### What is required
Could you repeat every line below exactly, skipping the images?

### Supplied records
▬▬▬▬▬▬

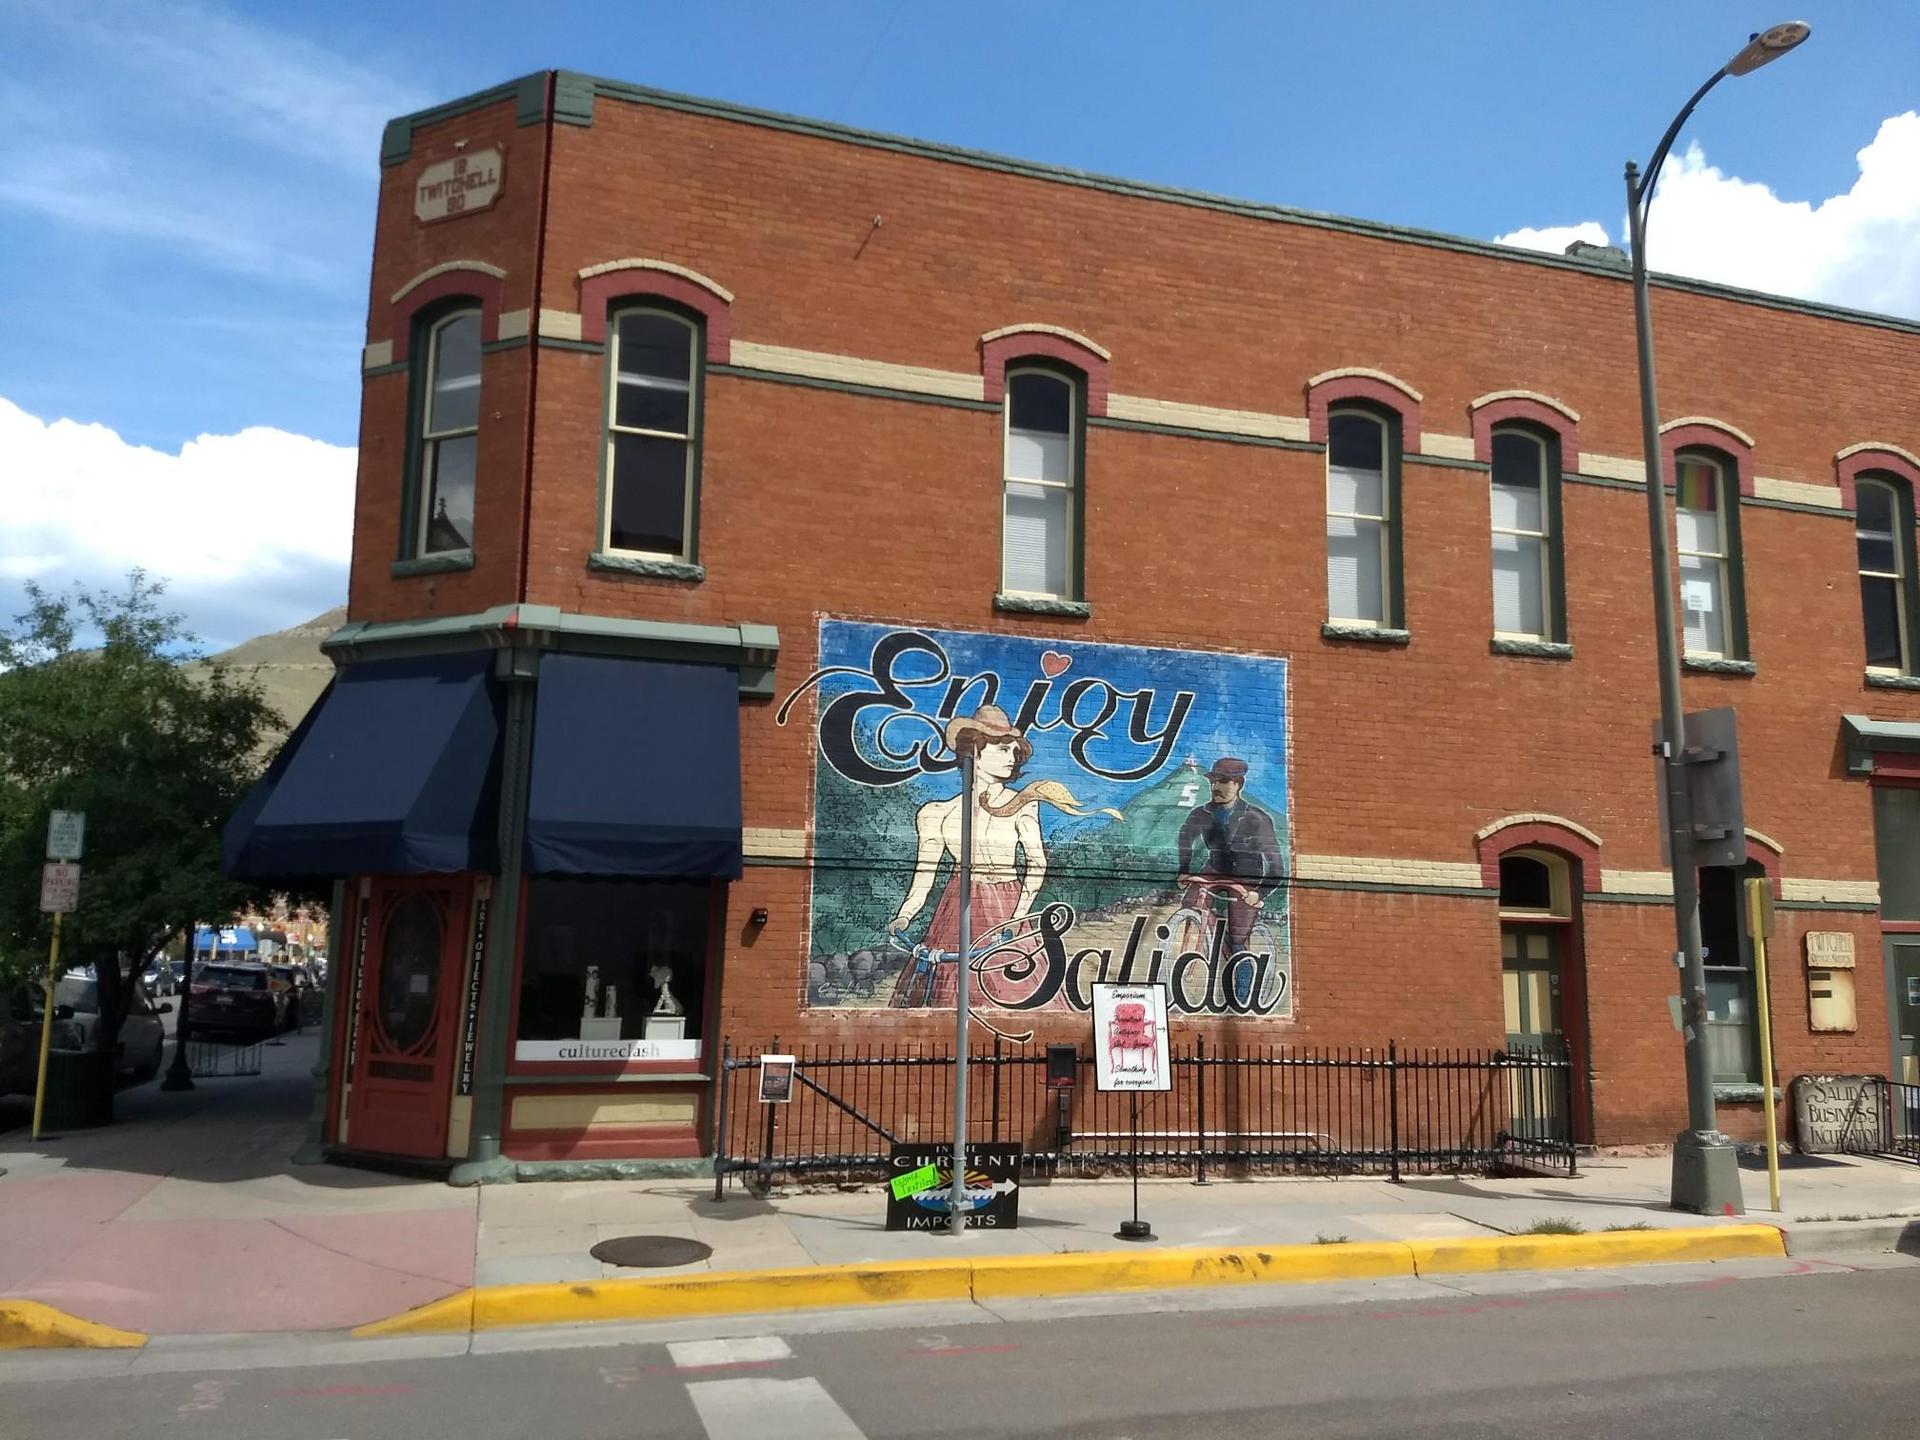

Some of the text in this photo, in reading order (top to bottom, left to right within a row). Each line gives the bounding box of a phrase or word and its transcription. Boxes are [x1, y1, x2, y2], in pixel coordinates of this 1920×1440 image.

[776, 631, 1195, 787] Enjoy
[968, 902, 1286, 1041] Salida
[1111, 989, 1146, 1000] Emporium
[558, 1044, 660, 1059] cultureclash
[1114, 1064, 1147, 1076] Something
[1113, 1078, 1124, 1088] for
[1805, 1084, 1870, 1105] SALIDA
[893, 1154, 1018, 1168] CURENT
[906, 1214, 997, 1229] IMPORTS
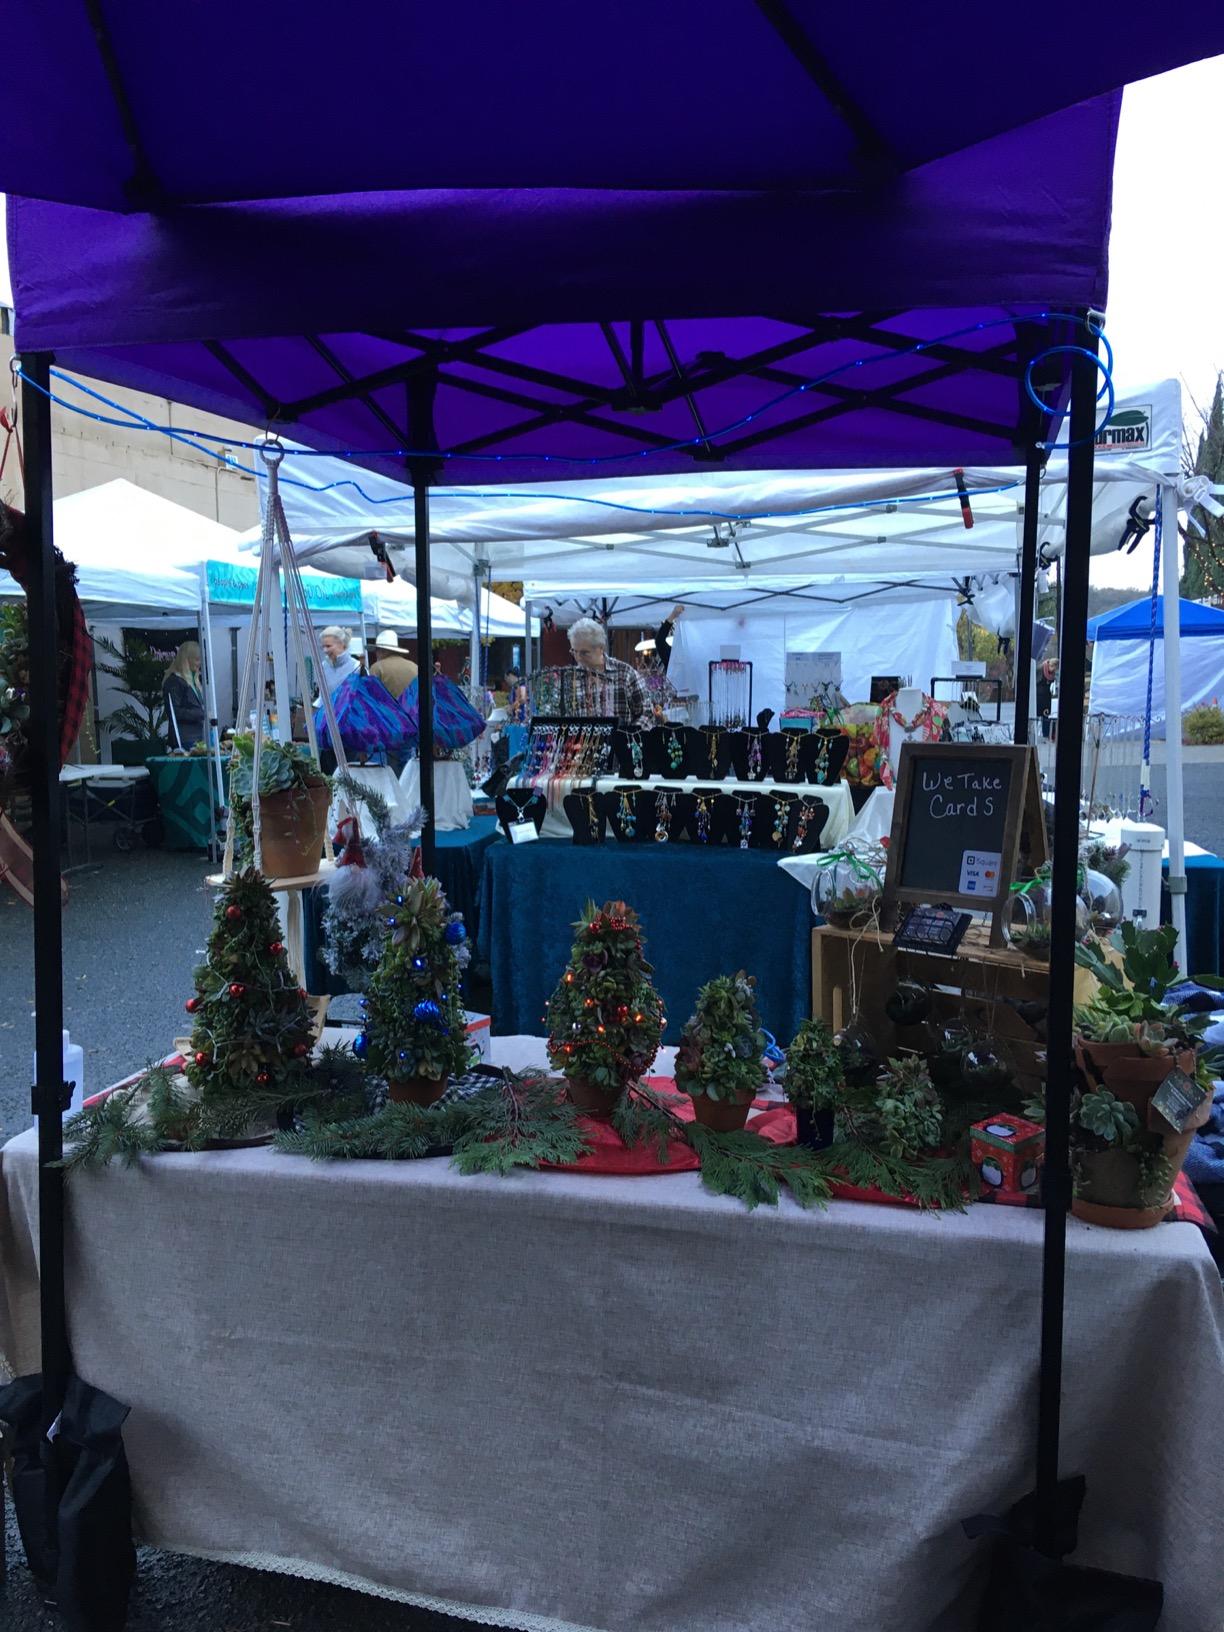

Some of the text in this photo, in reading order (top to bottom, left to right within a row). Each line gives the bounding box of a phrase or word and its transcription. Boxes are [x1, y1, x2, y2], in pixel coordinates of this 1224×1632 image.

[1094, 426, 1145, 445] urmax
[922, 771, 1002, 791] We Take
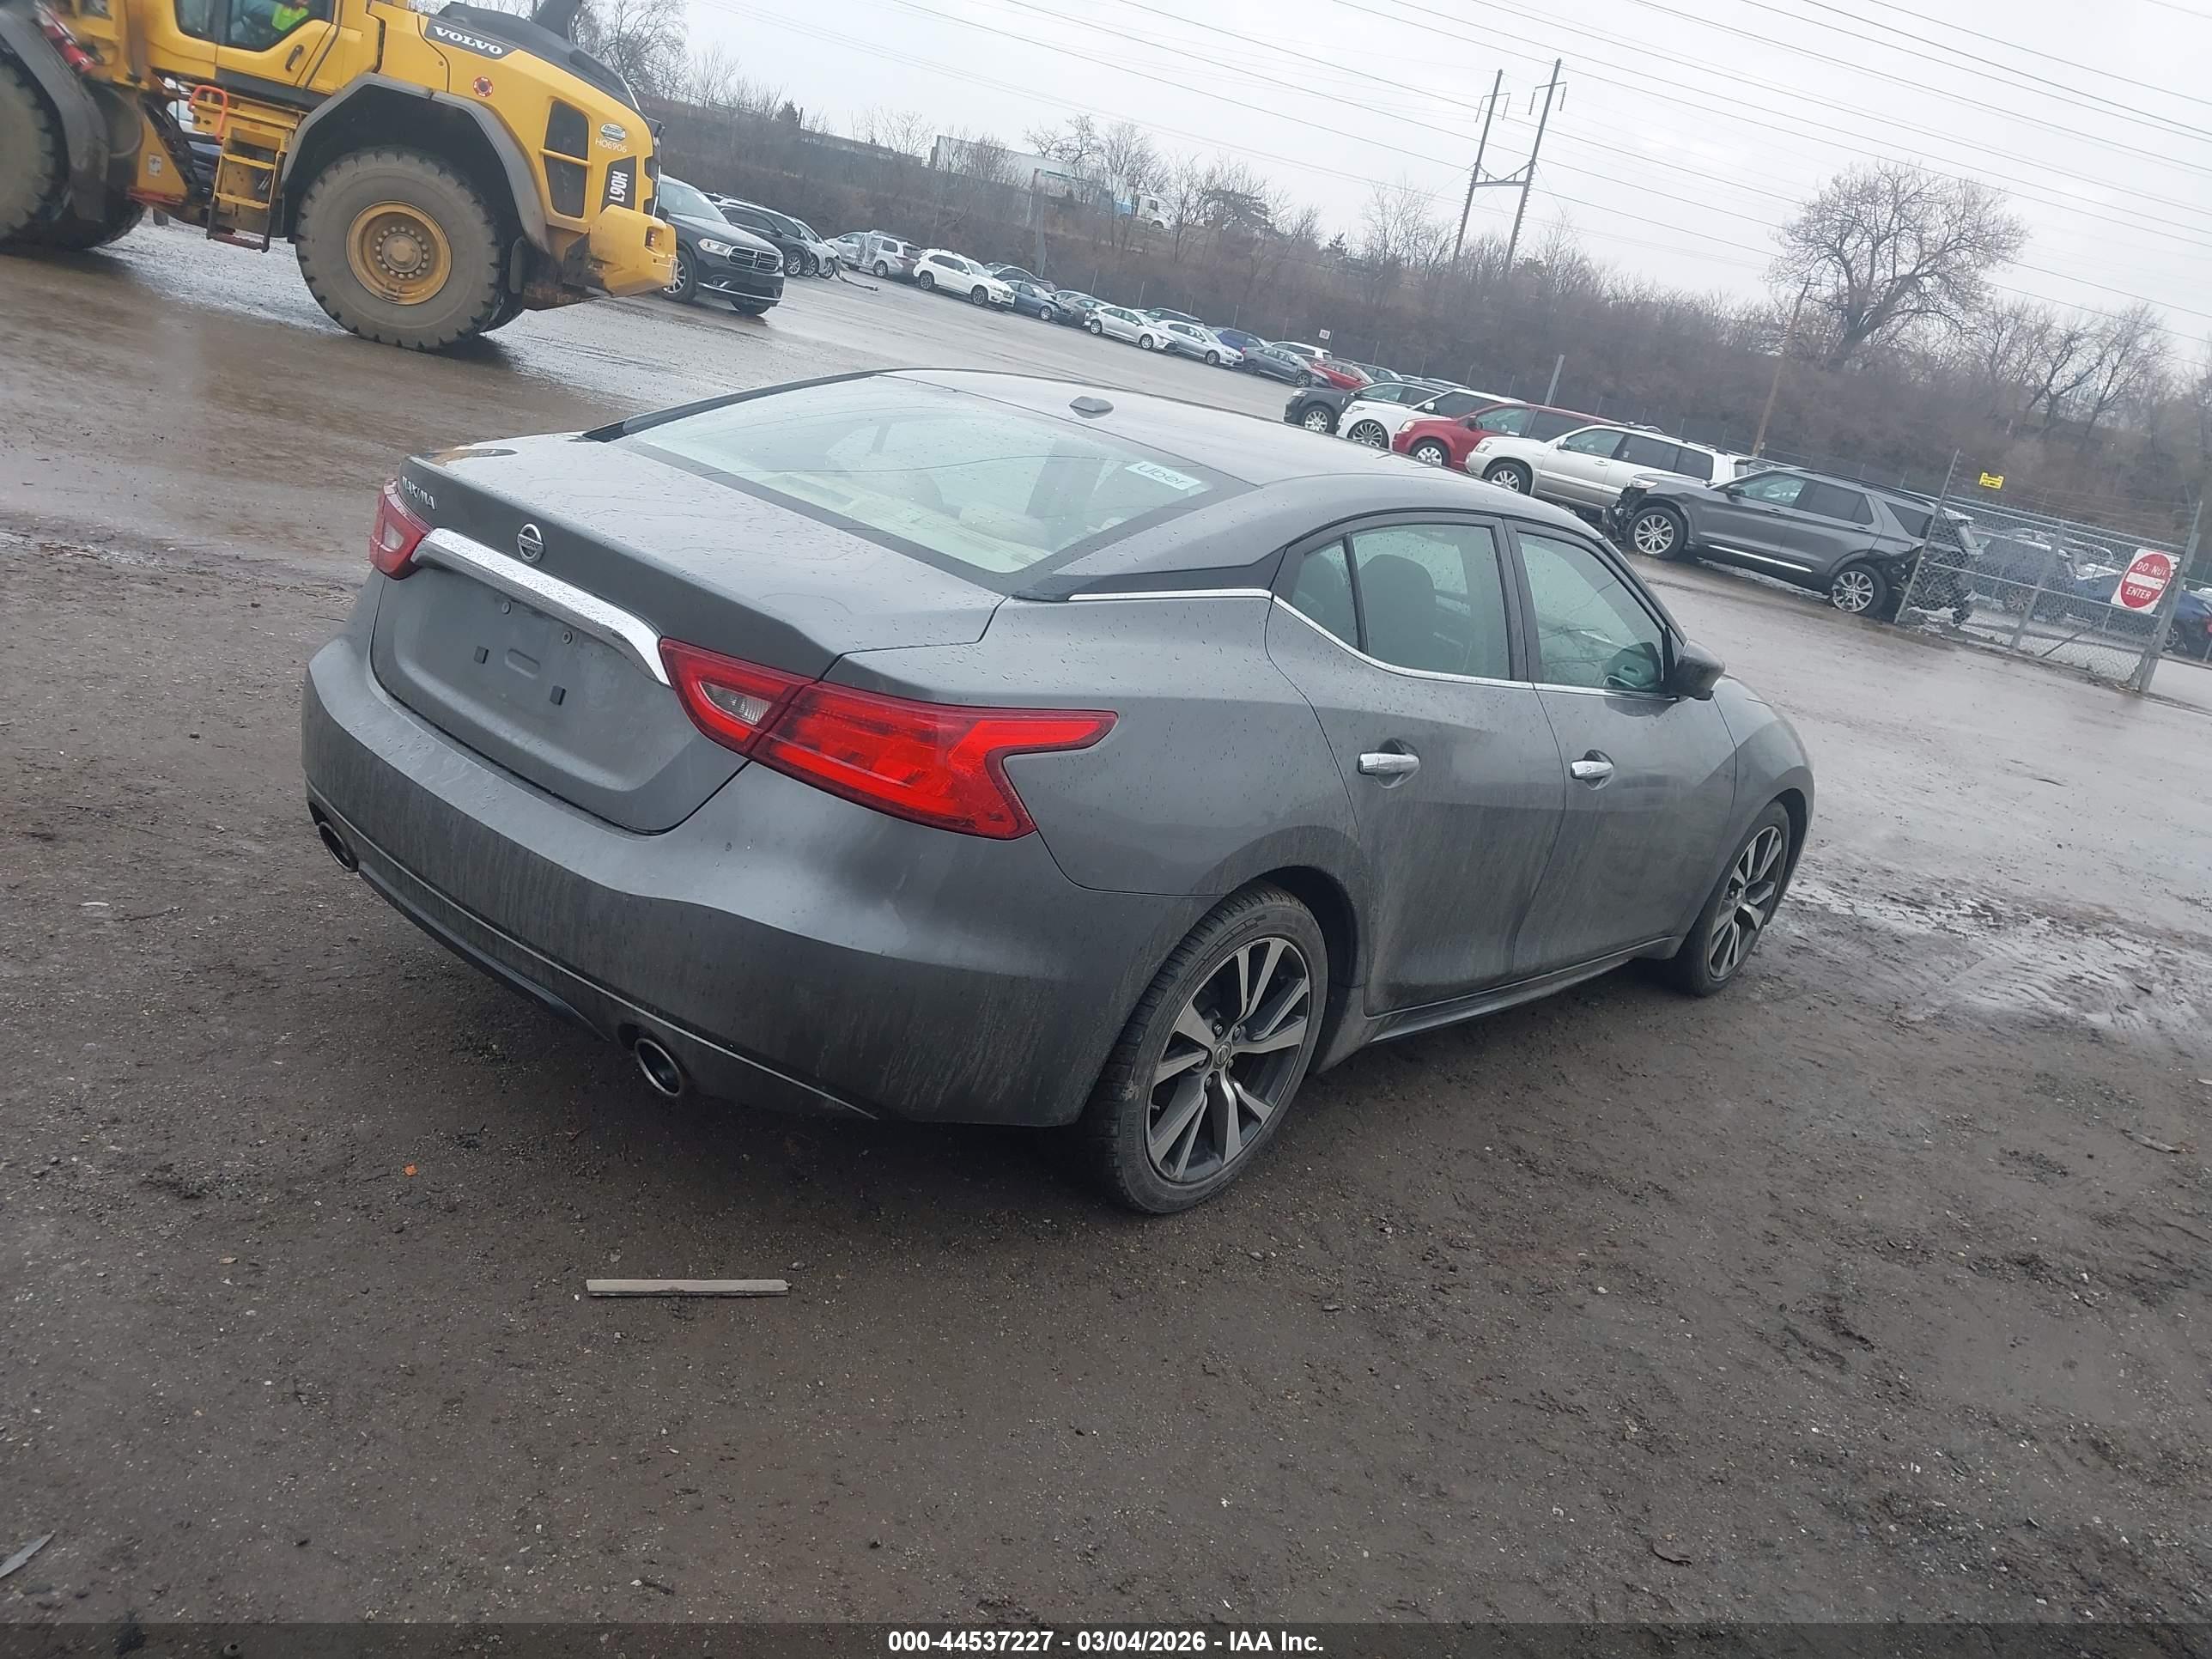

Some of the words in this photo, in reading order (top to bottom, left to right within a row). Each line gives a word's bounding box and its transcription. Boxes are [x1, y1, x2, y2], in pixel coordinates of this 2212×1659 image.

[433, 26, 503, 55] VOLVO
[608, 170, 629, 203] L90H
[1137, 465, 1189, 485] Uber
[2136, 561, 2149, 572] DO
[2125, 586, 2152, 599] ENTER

▬▬▬▬▬▬

### Task result
Some of the text in this photo, in reading order (top to bottom, left to right within a row). Each line gives the bounding box of a phrase or word and its transcription. Boxes are [x1, y1, x2, y2], in pixel coordinates of this 1920×1440 image.

[776, 631, 1195, 787] Enjoy
[968, 902, 1286, 1041] Salida
[1111, 989, 1146, 1000] Emporium
[558, 1044, 660, 1059] cultureclash
[1114, 1064, 1147, 1076] Something
[1113, 1078, 1124, 1088] for
[1805, 1084, 1870, 1105] SALIDA
[893, 1154, 1018, 1168] CURENT
[906, 1214, 997, 1229] IMPORTS

Some of the text in this photo, in reading order (top to bottom, left to right within a row). Each line gives the bounding box of a phrase or word and its transcription. Boxes are [x1, y1, x2, y2], in pixel coordinates of this 1224×1632 image.

[1094, 426, 1145, 445] urmax
[922, 771, 1002, 791] We Take

Some of the words in this photo, in reading order (top to bottom, left to right within a row). Each line gives a word's bounding box and its transcription. Boxes are [x1, y1, x2, y2], in pixel coordinates of this 2212×1659 image.

[433, 26, 503, 55] VOLVO
[608, 170, 629, 203] L90H
[1137, 465, 1189, 485] Uber
[2136, 561, 2149, 572] DO
[2125, 586, 2152, 599] ENTER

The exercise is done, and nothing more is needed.